(Spatial localization data)
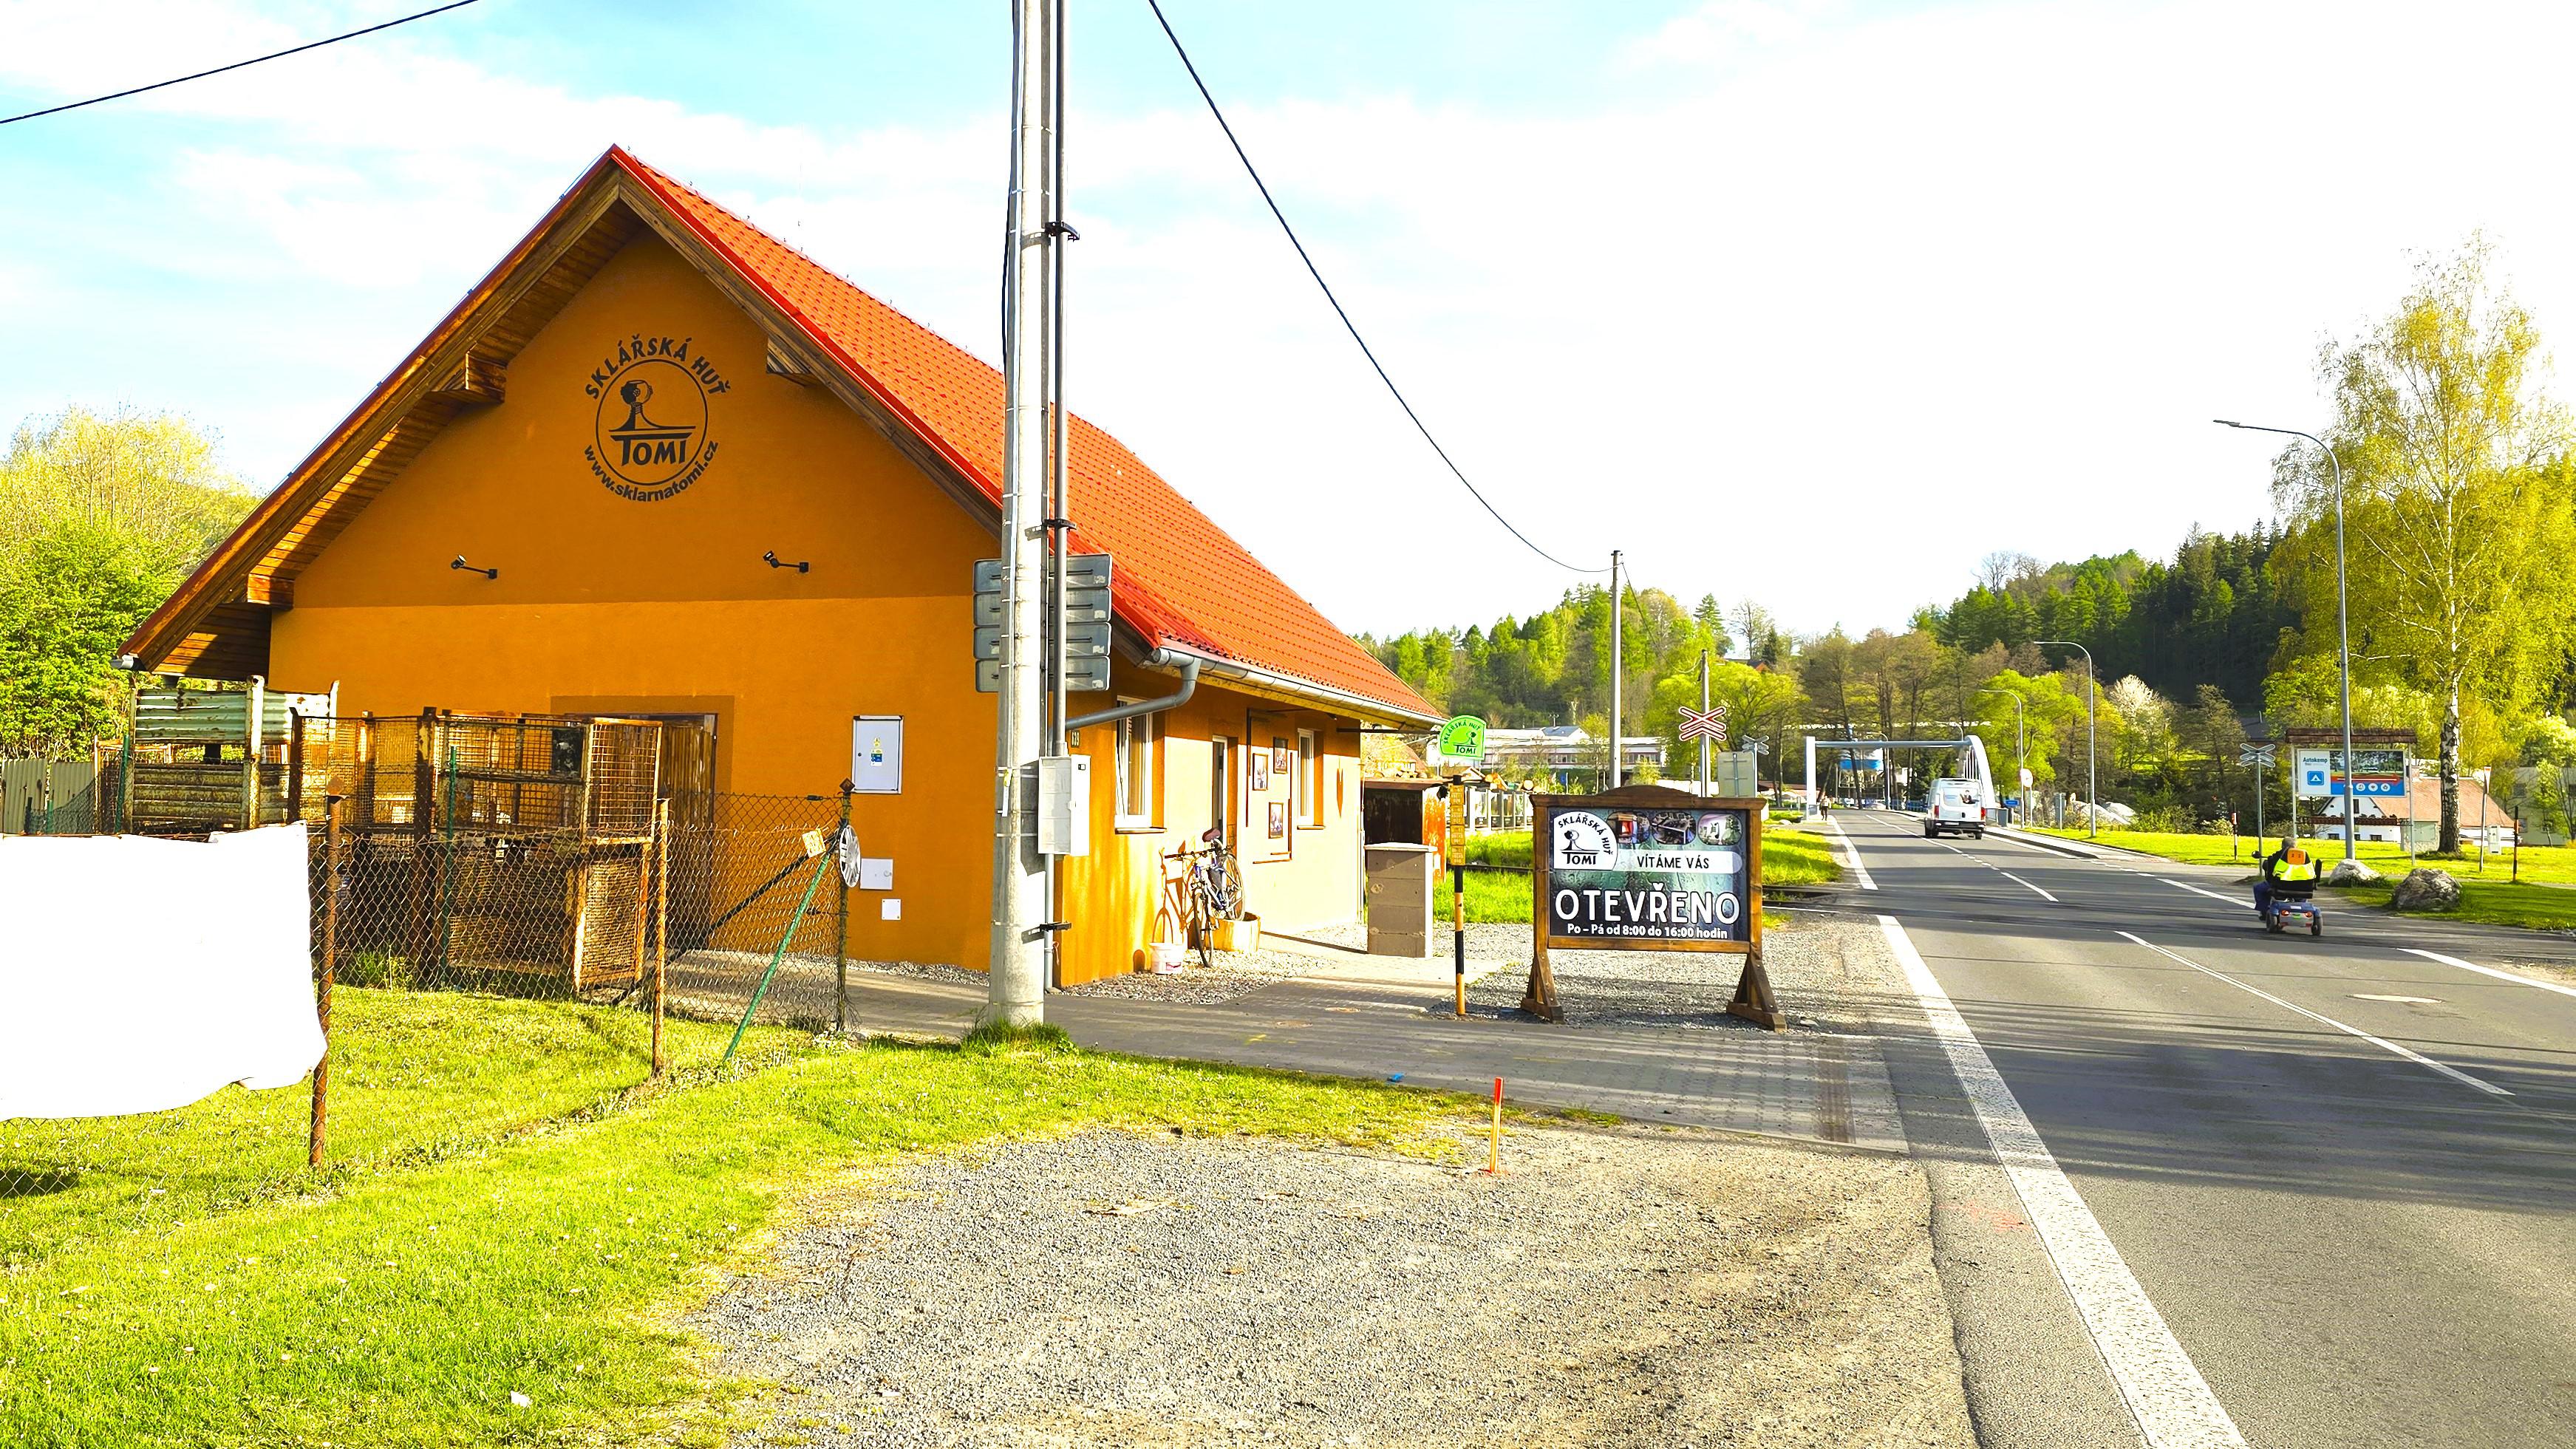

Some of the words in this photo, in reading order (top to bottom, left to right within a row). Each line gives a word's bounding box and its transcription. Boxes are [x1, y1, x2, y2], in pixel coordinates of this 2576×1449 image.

[585, 333, 692, 400] SKLÁŘSKÁ
[690, 355, 731, 395] HUŤ
[610, 432, 693, 467] TOMI
[584, 440, 719, 502] www.sklarnatomi.cz
[1454, 744, 1476, 754] TOMI
[1558, 814, 1606, 836] SKLÁŘSKÁ
[1601, 837, 1613, 856] HUŤ
[1561, 851, 1600, 865] TOMI
[1637, 853, 1681, 869] VÍTÁME
[1686, 854, 1709, 869] VÁS
[1555, 882, 1740, 924] OTEVŘENO
[1567, 924, 1581, 934] Po
[1591, 924, 1604, 935] Pá
[1606, 924, 1621, 935] od
[1622, 925, 1646, 936] 8:00
[1648, 926, 1662, 937] do
[1664, 927, 1694, 938] 16:00
[1696, 927, 1728, 939] hodin

Your assignment – All of the entries, apart from the pictures, must be returned exactly.

Response area –
Some of the words in this photo, in reading order (top to bottom, left to right within a row). Each line gives a word's bounding box and its transcription. Boxes are [x1, y1, x2, y2], in pixel coordinates of this 2576×1449 image.

[585, 333, 692, 400] SKLÁŘSKÁ
[690, 355, 731, 395] HUŤ
[610, 432, 693, 467] TOMI
[584, 440, 719, 502] www.sklarnatomi.cz
[1454, 744, 1476, 754] TOMI
[1558, 814, 1606, 836] SKLÁŘSKÁ
[1601, 837, 1613, 856] HUŤ
[1561, 851, 1600, 865] TOMI
[1637, 853, 1681, 869] VÍTÁME
[1686, 854, 1709, 869] VÁS
[1555, 882, 1740, 924] OTEVŘENO
[1567, 924, 1581, 934] Po
[1591, 924, 1604, 935] Pá
[1606, 924, 1621, 935] od
[1622, 925, 1646, 936] 8:00
[1648, 926, 1662, 937] do
[1664, 927, 1694, 938] 16:00
[1696, 927, 1728, 939] hodin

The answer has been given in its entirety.